§ WORK REQUIRED:
Write the records out exactly as they read, but not the pictures.

§ THE DATA:
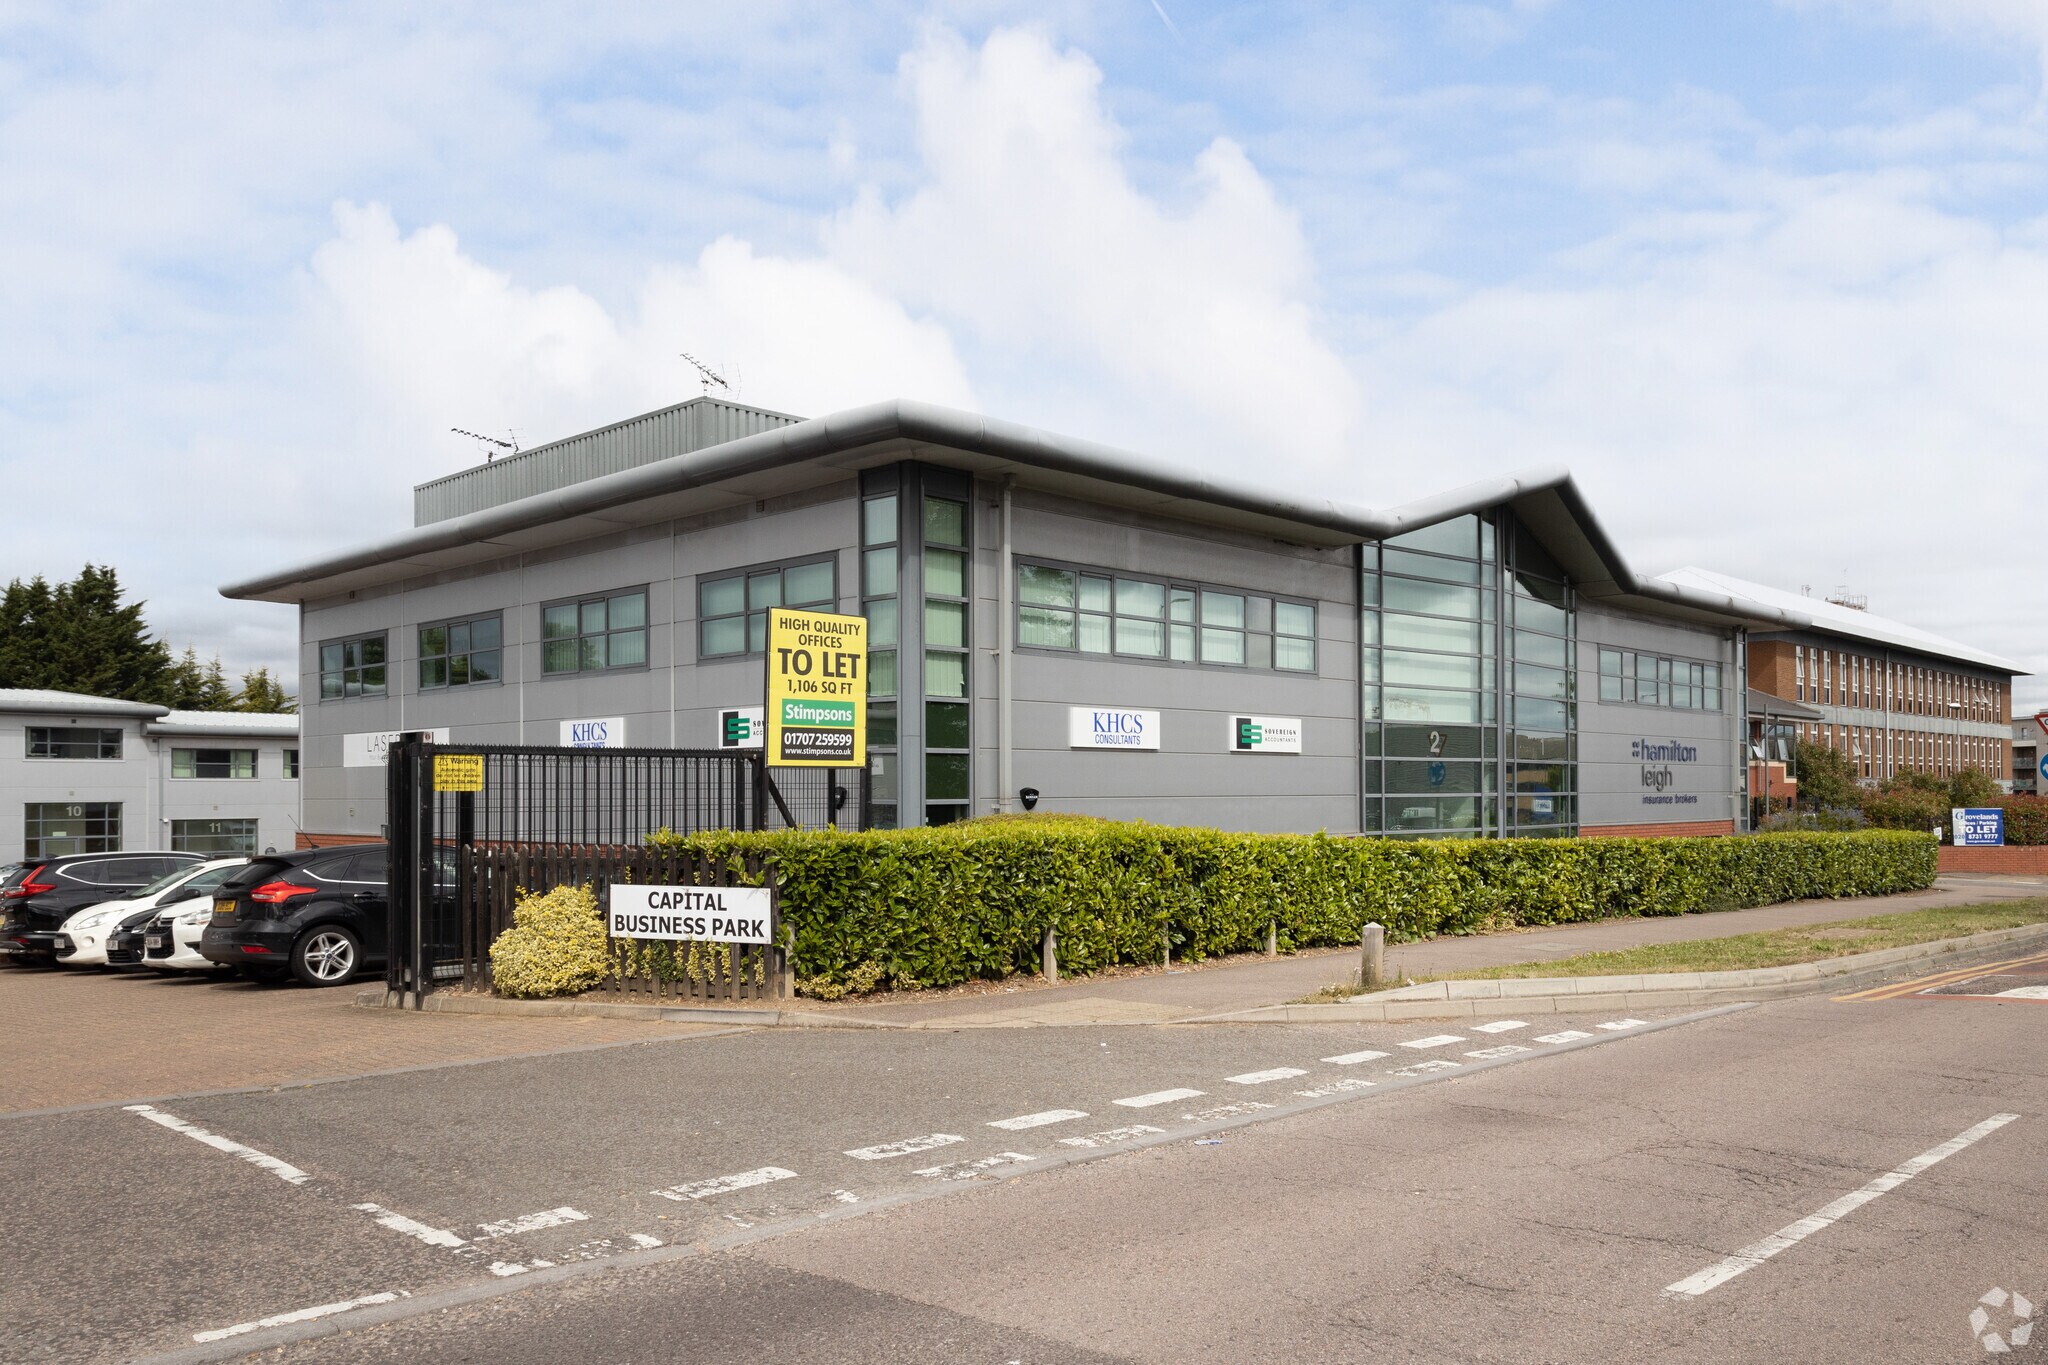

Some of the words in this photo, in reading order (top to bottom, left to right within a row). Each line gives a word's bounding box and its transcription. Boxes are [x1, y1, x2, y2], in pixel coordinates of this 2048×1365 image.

[779, 617, 810, 631] HIGH
[814, 620, 861, 636] QUALITY
[798, 633, 843, 649] OFFICES
[777, 647, 813, 676] TO
[822, 651, 861, 679] LET
[787, 679, 818, 694] 1,106
[821, 681, 837, 694] SQ
[840, 682, 853, 695] FT
[785, 703, 852, 724] Stimpsons
[572, 721, 608, 742] KHCS
[1093, 712, 1143, 734] KHCS
[1095, 734, 1141, 746] CONSULTANTS
[1264, 728, 1297, 736] SOVEREIGN
[784, 747, 852, 757] www.stimpsons.co.uk
[1641, 738, 1697, 762] hamilton
[1641, 764, 1673, 792] leigh
[1642, 794, 1673, 805] insurance
[1674, 793, 1698, 804] brokers
[65, 805, 82, 817] 10
[1955, 812, 1998, 820] Grovelands
[208, 822, 222, 833] 11
[647, 891, 728, 911] CAPITAL
[614, 914, 706, 936] BUSINESS
[712, 918, 765, 938] PARK

§ SOLUTION TO THIS PROBLEM:
Some of the words in this photo, in reading order (top to bottom, left to right within a row). Each line gives a word's bounding box and its transcription. Boxes are [x1, y1, x2, y2], in pixel coordinates of this 2048×1365 image.

[779, 617, 810, 631] HIGH
[814, 620, 861, 636] QUALITY
[798, 633, 843, 649] OFFICES
[777, 647, 813, 676] TO
[822, 651, 861, 679] LET
[787, 679, 818, 694] 1,106
[821, 681, 837, 694] SQ
[840, 682, 853, 695] FT
[785, 703, 852, 724] Stimpsons
[572, 721, 608, 742] KHCS
[1093, 712, 1143, 734] KHCS
[1095, 734, 1141, 746] CONSULTANTS
[1264, 728, 1297, 736] SOVEREIGN
[784, 747, 852, 757] www.stimpsons.co.uk
[1641, 738, 1697, 762] hamilton
[1641, 764, 1673, 792] leigh
[1642, 794, 1673, 805] insurance
[1674, 793, 1698, 804] brokers
[65, 805, 82, 817] 10
[1955, 812, 1998, 820] Grovelands
[208, 822, 222, 833] 11
[647, 891, 728, 911] CAPITAL
[614, 914, 706, 936] BUSINESS
[712, 918, 765, 938] PARK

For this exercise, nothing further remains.